▸ **Directions**
Verbatim copy, images excluded: write out each record shown below.

-- Data excerpts follows --

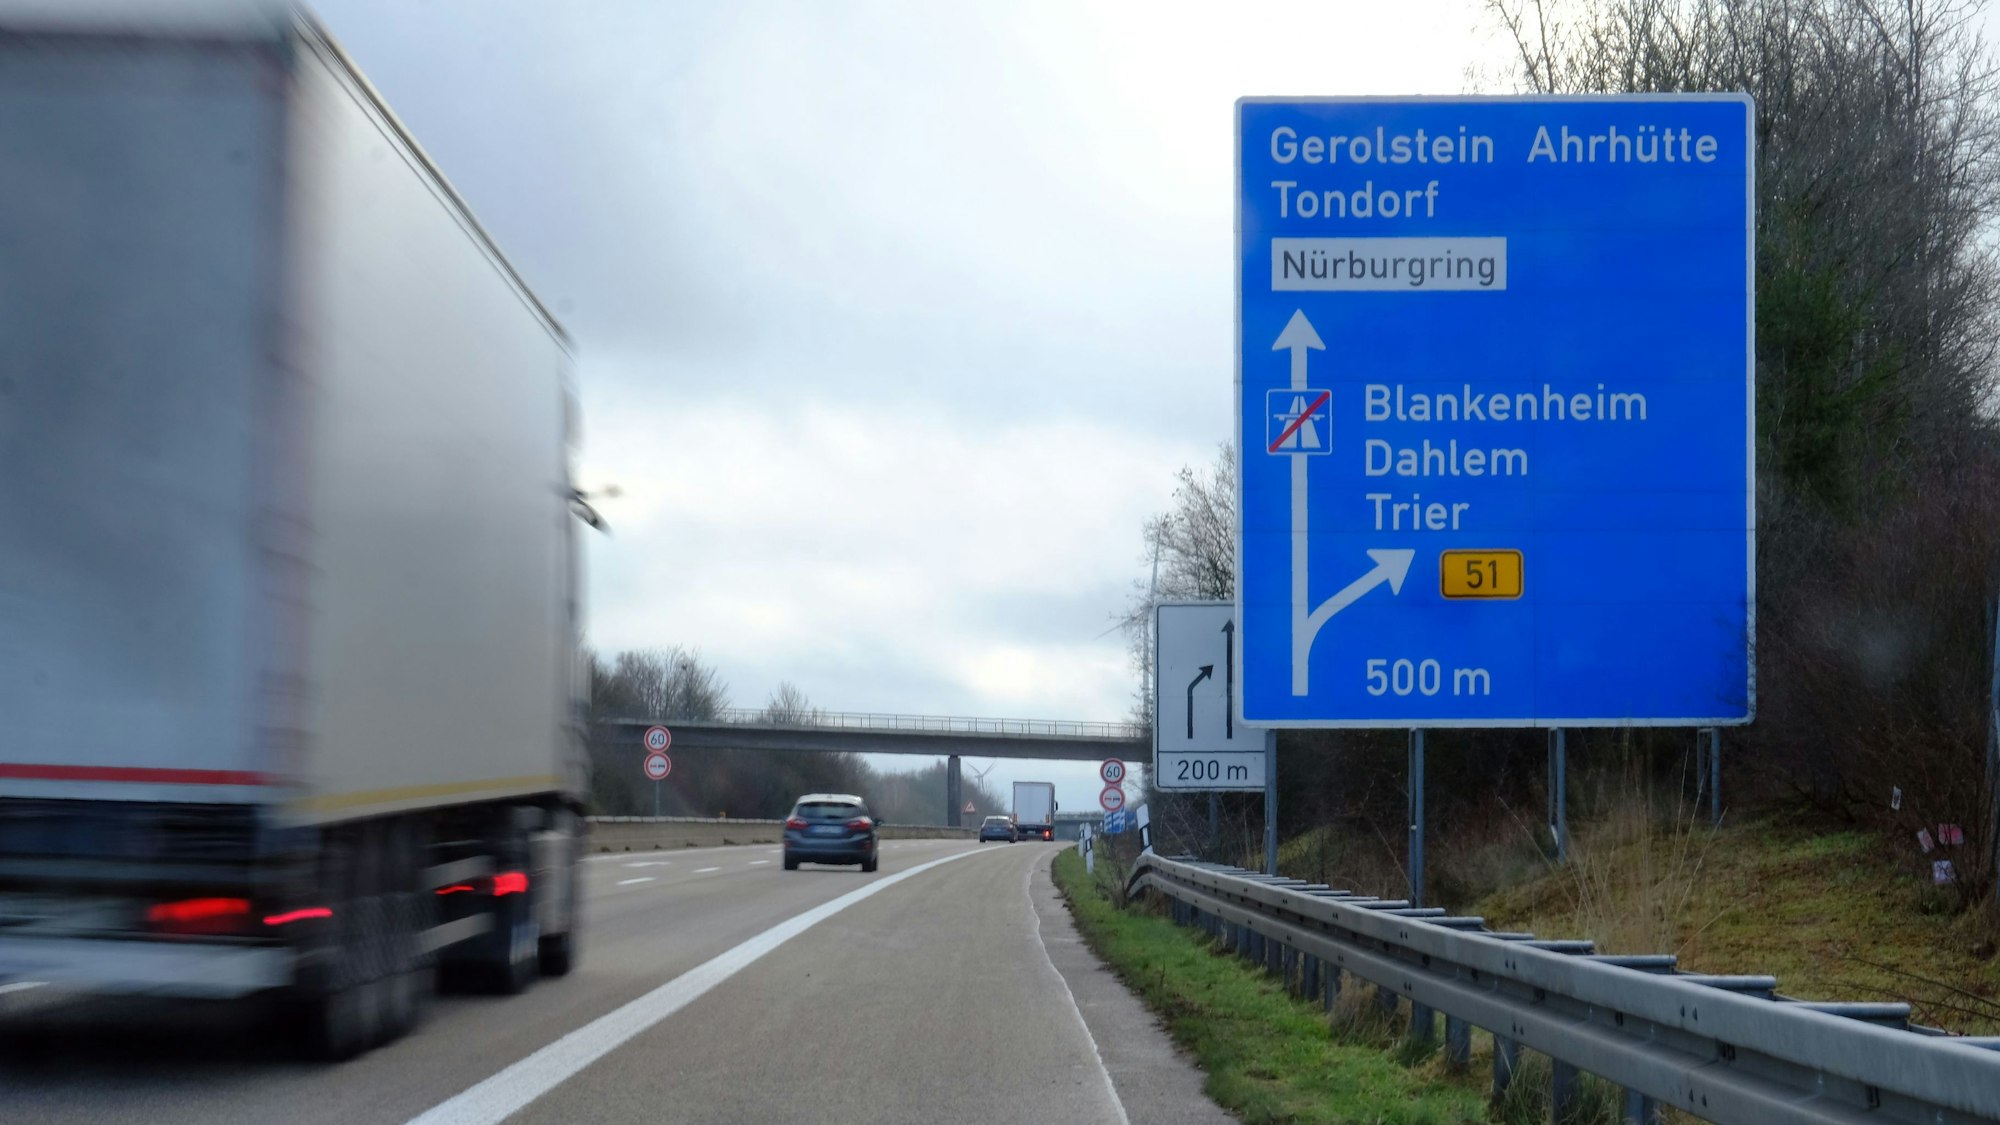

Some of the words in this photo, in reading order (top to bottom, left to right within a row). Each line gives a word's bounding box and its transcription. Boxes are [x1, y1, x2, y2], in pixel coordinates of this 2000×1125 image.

[1270, 126, 1494, 164] Gerolstein
[1527, 125, 1718, 163] Ahrhütte
[1270, 180, 1439, 218] Tondorf
[1283, 250, 1496, 287] Nürburgring
[1365, 383, 1647, 422] Blankenheim
[1365, 439, 1528, 477] Dahlem
[1365, 493, 1470, 531] Trier
[1465, 560, 1499, 589] 51
[1366, 658, 1441, 696] 500
[1453, 668, 1491, 696] m
[650, 732, 665, 746] 60
[1105, 765, 1120, 778] 60
[1177, 759, 1220, 781] 200
[1226, 764, 1248, 780] m

-- Data excerpts concluded --

▸ **Solution to the problem**
Some of the words in this photo, in reading order (top to bottom, left to right within a row). Each line gives a word's bounding box and its transcription. Boxes are [x1, y1, x2, y2], in pixel coordinates of this 2000×1125 image.

[1270, 126, 1494, 164] Gerolstein
[1527, 125, 1718, 163] Ahrhütte
[1270, 180, 1439, 218] Tondorf
[1283, 250, 1496, 287] Nürburgring
[1365, 383, 1647, 422] Blankenheim
[1365, 439, 1528, 477] Dahlem
[1365, 493, 1470, 531] Trier
[1465, 560, 1499, 589] 51
[1366, 658, 1441, 696] 500
[1453, 668, 1491, 696] m
[650, 732, 665, 746] 60
[1105, 765, 1120, 778] 60
[1177, 759, 1220, 781] 200
[1226, 764, 1248, 780] m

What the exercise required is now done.